TASK TO CARRY OUT ->
Only an exact retyping of all the entries counts as an answer.

Collected data entries
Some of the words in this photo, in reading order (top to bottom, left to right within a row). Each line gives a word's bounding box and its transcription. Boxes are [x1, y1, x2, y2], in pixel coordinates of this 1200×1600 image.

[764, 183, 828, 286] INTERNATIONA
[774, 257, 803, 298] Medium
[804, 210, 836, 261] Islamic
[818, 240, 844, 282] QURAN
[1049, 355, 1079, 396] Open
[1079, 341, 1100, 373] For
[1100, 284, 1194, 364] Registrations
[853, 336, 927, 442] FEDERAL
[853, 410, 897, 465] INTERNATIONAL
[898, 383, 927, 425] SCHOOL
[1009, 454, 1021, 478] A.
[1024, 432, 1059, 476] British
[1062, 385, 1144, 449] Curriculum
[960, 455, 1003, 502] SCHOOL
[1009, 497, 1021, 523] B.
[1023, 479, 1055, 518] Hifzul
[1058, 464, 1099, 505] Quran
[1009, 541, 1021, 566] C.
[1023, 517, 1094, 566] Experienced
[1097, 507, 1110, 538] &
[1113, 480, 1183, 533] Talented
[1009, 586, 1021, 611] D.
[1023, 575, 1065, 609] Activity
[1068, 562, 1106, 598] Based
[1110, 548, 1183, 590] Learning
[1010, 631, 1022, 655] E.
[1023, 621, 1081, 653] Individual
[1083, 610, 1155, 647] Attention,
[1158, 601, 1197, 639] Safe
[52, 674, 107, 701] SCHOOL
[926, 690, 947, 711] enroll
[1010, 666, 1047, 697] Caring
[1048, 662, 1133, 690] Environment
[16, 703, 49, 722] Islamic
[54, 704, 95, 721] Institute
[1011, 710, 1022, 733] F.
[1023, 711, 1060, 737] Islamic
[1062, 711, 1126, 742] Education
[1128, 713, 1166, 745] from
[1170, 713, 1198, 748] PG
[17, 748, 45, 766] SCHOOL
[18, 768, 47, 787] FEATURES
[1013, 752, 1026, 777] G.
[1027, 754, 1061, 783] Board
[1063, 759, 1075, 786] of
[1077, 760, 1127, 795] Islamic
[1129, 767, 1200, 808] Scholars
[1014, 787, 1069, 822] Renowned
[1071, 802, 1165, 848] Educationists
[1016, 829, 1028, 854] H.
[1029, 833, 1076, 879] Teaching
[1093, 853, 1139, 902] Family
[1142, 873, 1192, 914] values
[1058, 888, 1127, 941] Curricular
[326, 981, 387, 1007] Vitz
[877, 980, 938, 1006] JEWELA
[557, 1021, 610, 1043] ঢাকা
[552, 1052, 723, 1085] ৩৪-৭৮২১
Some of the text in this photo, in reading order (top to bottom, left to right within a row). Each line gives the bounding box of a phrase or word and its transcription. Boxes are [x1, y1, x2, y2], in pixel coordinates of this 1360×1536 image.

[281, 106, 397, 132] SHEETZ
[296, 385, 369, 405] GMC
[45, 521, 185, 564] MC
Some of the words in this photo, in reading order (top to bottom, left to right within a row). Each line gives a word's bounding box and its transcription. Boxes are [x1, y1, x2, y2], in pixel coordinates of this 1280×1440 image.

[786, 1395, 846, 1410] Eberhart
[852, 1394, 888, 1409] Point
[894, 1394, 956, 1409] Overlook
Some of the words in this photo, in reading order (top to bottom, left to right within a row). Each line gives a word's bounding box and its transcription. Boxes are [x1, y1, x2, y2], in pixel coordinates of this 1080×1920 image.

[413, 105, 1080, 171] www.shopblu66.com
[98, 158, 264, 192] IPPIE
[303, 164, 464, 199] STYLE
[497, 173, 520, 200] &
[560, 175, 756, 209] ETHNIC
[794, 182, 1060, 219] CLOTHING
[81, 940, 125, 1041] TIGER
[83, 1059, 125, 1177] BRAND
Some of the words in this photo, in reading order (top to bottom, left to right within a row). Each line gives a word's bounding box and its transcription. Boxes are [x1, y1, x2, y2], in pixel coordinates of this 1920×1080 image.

EXPECTED ANSWER ->
Some of the words in this photo, in reading order (top to bottom, left to right within a row). Each line gives a word's bounding box and its transcription. Boxes are [x1, y1, x2, y2], in pixel coordinates of this 1200×1600 image.

[764, 183, 828, 286] INTERNATIONA
[774, 257, 803, 298] Medium
[804, 210, 836, 261] Islamic
[818, 240, 844, 282] QURAN
[1049, 355, 1079, 396] Open
[1079, 341, 1100, 373] For
[1100, 284, 1194, 364] Registrations
[853, 336, 927, 442] FEDERAL
[853, 410, 897, 465] INTERNATIONAL
[898, 383, 927, 425] SCHOOL
[1009, 454, 1021, 478] A.
[1024, 432, 1059, 476] British
[1062, 385, 1144, 449] Curriculum
[960, 455, 1003, 502] SCHOOL
[1009, 497, 1021, 523] B.
[1023, 479, 1055, 518] Hifzul
[1058, 464, 1099, 505] Quran
[1009, 541, 1021, 566] C.
[1023, 517, 1094, 566] Experienced
[1097, 507, 1110, 538] &
[1113, 480, 1183, 533] Talented
[1009, 586, 1021, 611] D.
[1023, 575, 1065, 609] Activity
[1068, 562, 1106, 598] Based
[1110, 548, 1183, 590] Learning
[1010, 631, 1022, 655] E.
[1023, 621, 1081, 653] Individual
[1083, 610, 1155, 647] Attention,
[1158, 601, 1197, 639] Safe
[52, 674, 107, 701] SCHOOL
[926, 690, 947, 711] enroll
[1010, 666, 1047, 697] Caring
[1048, 662, 1133, 690] Environment
[16, 703, 49, 722] Islamic
[54, 704, 95, 721] Institute
[1011, 710, 1022, 733] F.
[1023, 711, 1060, 737] Islamic
[1062, 711, 1126, 742] Education
[1128, 713, 1166, 745] from
[1170, 713, 1198, 748] PG
[17, 748, 45, 766] SCHOOL
[18, 768, 47, 787] FEATURES
[1013, 752, 1026, 777] G.
[1027, 754, 1061, 783] Board
[1063, 759, 1075, 786] of
[1077, 760, 1127, 795] Islamic
[1129, 767, 1200, 808] Scholars
[1014, 787, 1069, 822] Renowned
[1071, 802, 1165, 848] Educationists
[1016, 829, 1028, 854] H.
[1029, 833, 1076, 879] Teaching
[1093, 853, 1139, 902] Family
[1142, 873, 1192, 914] values
[1058, 888, 1127, 941] Curricular
[326, 981, 387, 1007] Vitz
[877, 980, 938, 1006] JEWELA
[557, 1021, 610, 1043] ঢাকা
[552, 1052, 723, 1085] ৩৪-৭৮২১
Some of the text in this photo, in reading order (top to bottom, left to right within a row). Each line gives the bounding box of a phrase or word and its transcription. Boxes are [x1, y1, x2, y2], in pixel coordinates of this 1360×1536 image.

[281, 106, 397, 132] SHEETZ
[296, 385, 369, 405] GMC
[45, 521, 185, 564] MC
Some of the words in this photo, in reading order (top to bottom, left to right within a row). Each line gives a word's bounding box and its transcription. Boxes are [x1, y1, x2, y2], in pixel coordinates of this 1280×1440 image.

[786, 1395, 846, 1410] Eberhart
[852, 1394, 888, 1409] Point
[894, 1394, 956, 1409] Overlook
Some of the words in this photo, in reading order (top to bottom, left to right within a row). Each line gives a word's bounding box and its transcription. Boxes are [x1, y1, x2, y2], in pixel coordinates of this 1080×1920 image.

[413, 105, 1080, 171] www.shopblu66.com
[98, 158, 264, 192] IPPIE
[303, 164, 464, 199] STYLE
[497, 173, 520, 200] &
[560, 175, 756, 209] ETHNIC
[794, 182, 1060, 219] CLOTHING
[81, 940, 125, 1041] TIGER
[83, 1059, 125, 1177] BRAND
Some of the words in this photo, in reading order (top to bottom, left to right within a row). Each line gives a word's bounding box and its transcription. Boxes are [x1, y1, x2, y2], in pixel coordinates of this 1920×1080 image.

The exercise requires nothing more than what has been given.